CARACAS (Reuters) - Venezuela’s socialist government decreed an “economic emergency” on Friday that will expand its powers and published the first data in a year that shows the depth of a recession fueled by low oil prices and a sputtering state-led model.
The central bank, which has been lambasted by critics of President Nicolas Maduro’s government for hiding statistics since the end of 2014, said the South American OPEC nation’s economy shrank 4.5 percent in the first nine months last year.
Inflation soared in that period to an annual rate of 141.5 percent, the world's worst. (bit.ly/1KhKHYy)
Venezuela’s oil-dependent economy is forecast to perform abysmally again in 2016. Maduro lost control of the National Assembly in a December election due to voter ire over the crisis.
The government’s decree, which the opposition-led assembly says it has the power to approve or reject, sets a 60-day “economic emergency” and would give Maduro wider powers to intervene in companies or limit access to currency.
“We are confronting a true storm,” Maduro said during his state-of-the-nation address to Congress. “This is not Maduro’s storm, as some believe, it is a situation throughout the country that affects every Venezuelan family.”
He vowed the country would continue servicing foreign debt despite slipping international reserves, negating growing Wall Street pessimism about a potential default this year.

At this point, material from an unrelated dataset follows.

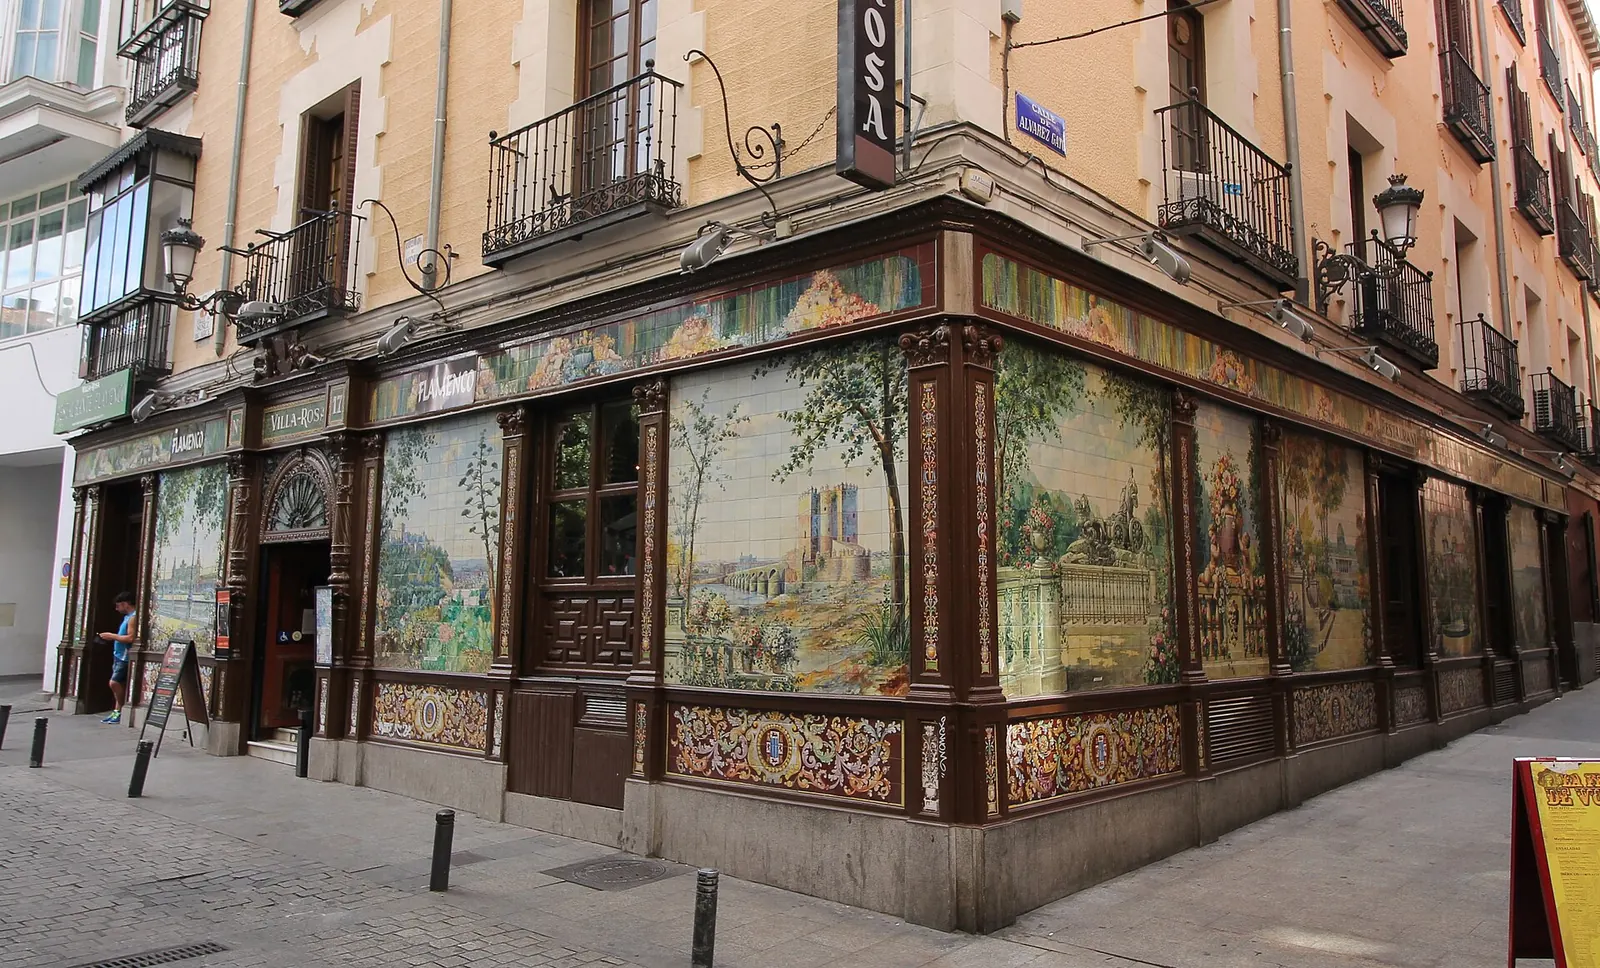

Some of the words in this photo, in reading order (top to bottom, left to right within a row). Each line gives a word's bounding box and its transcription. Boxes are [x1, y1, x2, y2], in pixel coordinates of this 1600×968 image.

He also insisted “the time has come” to raise heavily subsidized fuel prices. Economists say doing so is vital to fortifying foreign reserves, but it is a politically costly move that Maduro has avoided despite repeated promises.
National Assembly President Henry Ramos, a longstanding opposition leader, offered a jocular 40-minute response in which he chided Maduro and his policies and laughed off the heckling of Socialist Party lawmakers.
“What angst there is here!” Ramos, 72, said at one point, sticking his tongue out at jeering legislators, during the rare opposition speech broadcast on state television.
WALL STREET GLOOM
Maduro, a former bus driver and foreign minister who was elected to replace Hugo Chavez in 2013, has stuck to his mentor’s policies of strict currency and price controls.
With massive shopping lines in Venezuela and widespread shortages of basics from milk to medicines, the government faces mounting pressure to change what critics call a failed model.
Venezuela depends on oil for 96 percent of hard currency revenues. The average price for its basket of oil and refined products fell this week to $24.38, the lowest level in more than 12 years.
“The biggest loser in Latin America of the decline in oil prices is clearly Venezuela. At this point, a credit event in 2016 seems difficult to avoid,” Barclays said in a research note.
The heaviest payments in Venezuela’s roughly $10 billion foreign debt bill for 2016 come in October and November.
The government blames its woes on the global oil scenario and what it says is economic sabotage by its foes.
“Venezuela is suffering a new generation economic war promoted by web pages which fix the bolivar-dollar relation without any criteria or economic substance,” the central bank complained, referring to the Dolar Today website, which publishes a black market currency price to the fury of the government.
The opposition coalition says policy incompetence is responsible for Venezuela’s economic mess. It has said it wants to find a constitutional way this year to remove Maduro.
“An emergency economic degree without clear objectives ... is only going to worsen the situation,” tweeted local economist Luis Oliveros, a frequent government critic.
According to the central bank, Venezuela’s current account deficit was $5.05 billion in the third quarter, hurt by the tumble in prices for its main export.